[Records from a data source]
----

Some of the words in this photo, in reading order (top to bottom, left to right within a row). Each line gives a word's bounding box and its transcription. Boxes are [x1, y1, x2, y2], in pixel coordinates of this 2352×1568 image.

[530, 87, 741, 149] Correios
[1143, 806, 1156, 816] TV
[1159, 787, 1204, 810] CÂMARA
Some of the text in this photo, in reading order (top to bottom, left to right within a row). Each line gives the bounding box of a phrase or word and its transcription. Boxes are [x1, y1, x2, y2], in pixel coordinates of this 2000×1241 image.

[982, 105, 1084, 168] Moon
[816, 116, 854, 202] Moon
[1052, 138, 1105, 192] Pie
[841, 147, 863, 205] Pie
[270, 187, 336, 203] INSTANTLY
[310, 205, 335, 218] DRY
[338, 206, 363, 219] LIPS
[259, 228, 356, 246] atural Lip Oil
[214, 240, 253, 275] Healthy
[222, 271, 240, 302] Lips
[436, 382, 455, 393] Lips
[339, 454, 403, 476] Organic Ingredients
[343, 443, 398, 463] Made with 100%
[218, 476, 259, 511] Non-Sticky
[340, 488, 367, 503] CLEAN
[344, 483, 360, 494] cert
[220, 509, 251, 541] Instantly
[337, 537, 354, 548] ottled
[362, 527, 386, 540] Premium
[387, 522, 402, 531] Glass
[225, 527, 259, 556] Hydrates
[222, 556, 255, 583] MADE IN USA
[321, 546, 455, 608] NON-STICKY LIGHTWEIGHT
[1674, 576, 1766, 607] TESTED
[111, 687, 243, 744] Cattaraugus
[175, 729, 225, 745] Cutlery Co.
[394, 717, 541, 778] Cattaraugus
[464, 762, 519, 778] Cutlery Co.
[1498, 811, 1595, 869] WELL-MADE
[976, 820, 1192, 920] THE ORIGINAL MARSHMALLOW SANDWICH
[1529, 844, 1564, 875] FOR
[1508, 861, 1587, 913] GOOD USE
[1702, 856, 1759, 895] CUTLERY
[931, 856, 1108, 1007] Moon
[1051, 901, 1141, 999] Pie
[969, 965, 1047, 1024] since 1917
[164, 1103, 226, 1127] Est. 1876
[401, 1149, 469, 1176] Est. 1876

----

» **Try it**
Exactly and only the lines from the line containing "Some of the text" through the final line of the records above must be returned.

» **Solution for this problem**
Some of the text in this photo, in reading order (top to bottom, left to right within a row). Each line gives the bounding box of a phrase or word and its transcription. Boxes are [x1, y1, x2, y2], in pixel coordinates of this 2000×1241 image.

[982, 105, 1084, 168] Moon
[816, 116, 854, 202] Moon
[1052, 138, 1105, 192] Pie
[841, 147, 863, 205] Pie
[270, 187, 336, 203] INSTANTLY
[310, 205, 335, 218] DRY
[338, 206, 363, 219] LIPS
[259, 228, 356, 246] atural Lip Oil
[214, 240, 253, 275] Healthy
[222, 271, 240, 302] Lips
[436, 382, 455, 393] Lips
[339, 454, 403, 476] Organic Ingredients
[343, 443, 398, 463] Made with 100%
[218, 476, 259, 511] Non-Sticky
[340, 488, 367, 503] CLEAN
[344, 483, 360, 494] cert
[220, 509, 251, 541] Instantly
[337, 537, 354, 548] ottled
[362, 527, 386, 540] Premium
[387, 522, 402, 531] Glass
[225, 527, 259, 556] Hydrates
[222, 556, 255, 583] MADE IN USA
[321, 546, 455, 608] NON-STICKY LIGHTWEIGHT
[1674, 576, 1766, 607] TESTED
[111, 687, 243, 744] Cattaraugus
[175, 729, 225, 745] Cutlery Co.
[394, 717, 541, 778] Cattaraugus
[464, 762, 519, 778] Cutlery Co.
[1498, 811, 1595, 869] WELL-MADE
[976, 820, 1192, 920] THE ORIGINAL MARSHMALLOW SANDWICH
[1529, 844, 1564, 875] FOR
[1508, 861, 1587, 913] GOOD USE
[1702, 856, 1759, 895] CUTLERY
[931, 856, 1108, 1007] Moon
[1051, 901, 1141, 999] Pie
[969, 965, 1047, 1024] since 1917
[164, 1103, 226, 1127] Est. 1876
[401, 1149, 469, 1176] Est. 1876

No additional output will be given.